=== Begin Enclosure ===

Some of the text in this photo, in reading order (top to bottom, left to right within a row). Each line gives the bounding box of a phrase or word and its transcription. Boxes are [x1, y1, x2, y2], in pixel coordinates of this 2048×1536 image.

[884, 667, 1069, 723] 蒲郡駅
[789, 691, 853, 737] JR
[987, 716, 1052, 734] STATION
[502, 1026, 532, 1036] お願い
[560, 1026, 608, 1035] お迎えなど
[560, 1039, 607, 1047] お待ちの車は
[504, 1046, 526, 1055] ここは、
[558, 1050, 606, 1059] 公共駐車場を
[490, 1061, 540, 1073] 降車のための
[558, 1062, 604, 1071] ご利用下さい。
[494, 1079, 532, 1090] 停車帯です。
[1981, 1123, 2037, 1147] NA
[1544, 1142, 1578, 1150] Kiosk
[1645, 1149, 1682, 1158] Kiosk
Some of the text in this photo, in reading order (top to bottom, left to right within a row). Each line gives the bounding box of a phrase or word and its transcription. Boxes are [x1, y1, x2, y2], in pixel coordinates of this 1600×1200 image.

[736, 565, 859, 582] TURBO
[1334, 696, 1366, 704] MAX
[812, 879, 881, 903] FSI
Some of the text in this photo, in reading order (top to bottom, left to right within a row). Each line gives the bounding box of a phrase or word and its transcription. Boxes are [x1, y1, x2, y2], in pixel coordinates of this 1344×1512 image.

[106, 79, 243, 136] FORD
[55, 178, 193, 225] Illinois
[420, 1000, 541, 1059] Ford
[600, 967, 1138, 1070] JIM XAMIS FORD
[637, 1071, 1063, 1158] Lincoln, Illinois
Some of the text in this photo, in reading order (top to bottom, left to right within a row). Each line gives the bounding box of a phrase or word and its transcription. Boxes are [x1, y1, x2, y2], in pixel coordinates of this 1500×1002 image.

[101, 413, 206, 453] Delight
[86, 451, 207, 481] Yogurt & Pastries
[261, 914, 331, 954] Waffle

=== End Enclosure ===

#### [EXERCISE PROMPT]
So that nothing is lost, retype every entry in the listing above exactly.

#### [FINAL ANSWER]
Some of the text in this photo, in reading order (top to bottom, left to right within a row). Each line gives the bounding box of a phrase or word and its transcription. Boxes are [x1, y1, x2, y2], in pixel coordinates of this 2048×1536 image.

[884, 667, 1069, 723] 蒲郡駅
[789, 691, 853, 737] JR
[987, 716, 1052, 734] STATION
[502, 1026, 532, 1036] お願い
[560, 1026, 608, 1035] お迎えなど
[560, 1039, 607, 1047] お待ちの車は
[504, 1046, 526, 1055] ここは、
[558, 1050, 606, 1059] 公共駐車場を
[490, 1061, 540, 1073] 降車のための
[558, 1062, 604, 1071] ご利用下さい。
[494, 1079, 532, 1090] 停車帯です。
[1981, 1123, 2037, 1147] NA
[1544, 1142, 1578, 1150] Kiosk
[1645, 1149, 1682, 1158] Kiosk
Some of the text in this photo, in reading order (top to bottom, left to right within a row). Each line gives the bounding box of a phrase or word and its transcription. Boxes are [x1, y1, x2, y2], in pixel coordinates of this 1600×1200 image.

[736, 565, 859, 582] TURBO
[1334, 696, 1366, 704] MAX
[812, 879, 881, 903] FSI
Some of the text in this photo, in reading order (top to bottom, left to right within a row). Each line gives the bounding box of a phrase or word and its transcription. Boxes are [x1, y1, x2, y2], in pixel coordinates of this 1344×1512 image.

[106, 79, 243, 136] FORD
[55, 178, 193, 225] Illinois
[420, 1000, 541, 1059] Ford
[600, 967, 1138, 1070] JIM XAMIS FORD
[637, 1071, 1063, 1158] Lincoln, Illinois
Some of the text in this photo, in reading order (top to bottom, left to right within a row). Each line gives the bounding box of a phrase or word and its transcription. Boxes are [x1, y1, x2, y2], in pixel coordinates of this 1500×1002 image.

[101, 413, 206, 453] Delight
[86, 451, 207, 481] Yogurt & Pastries
[261, 914, 331, 954] Waffle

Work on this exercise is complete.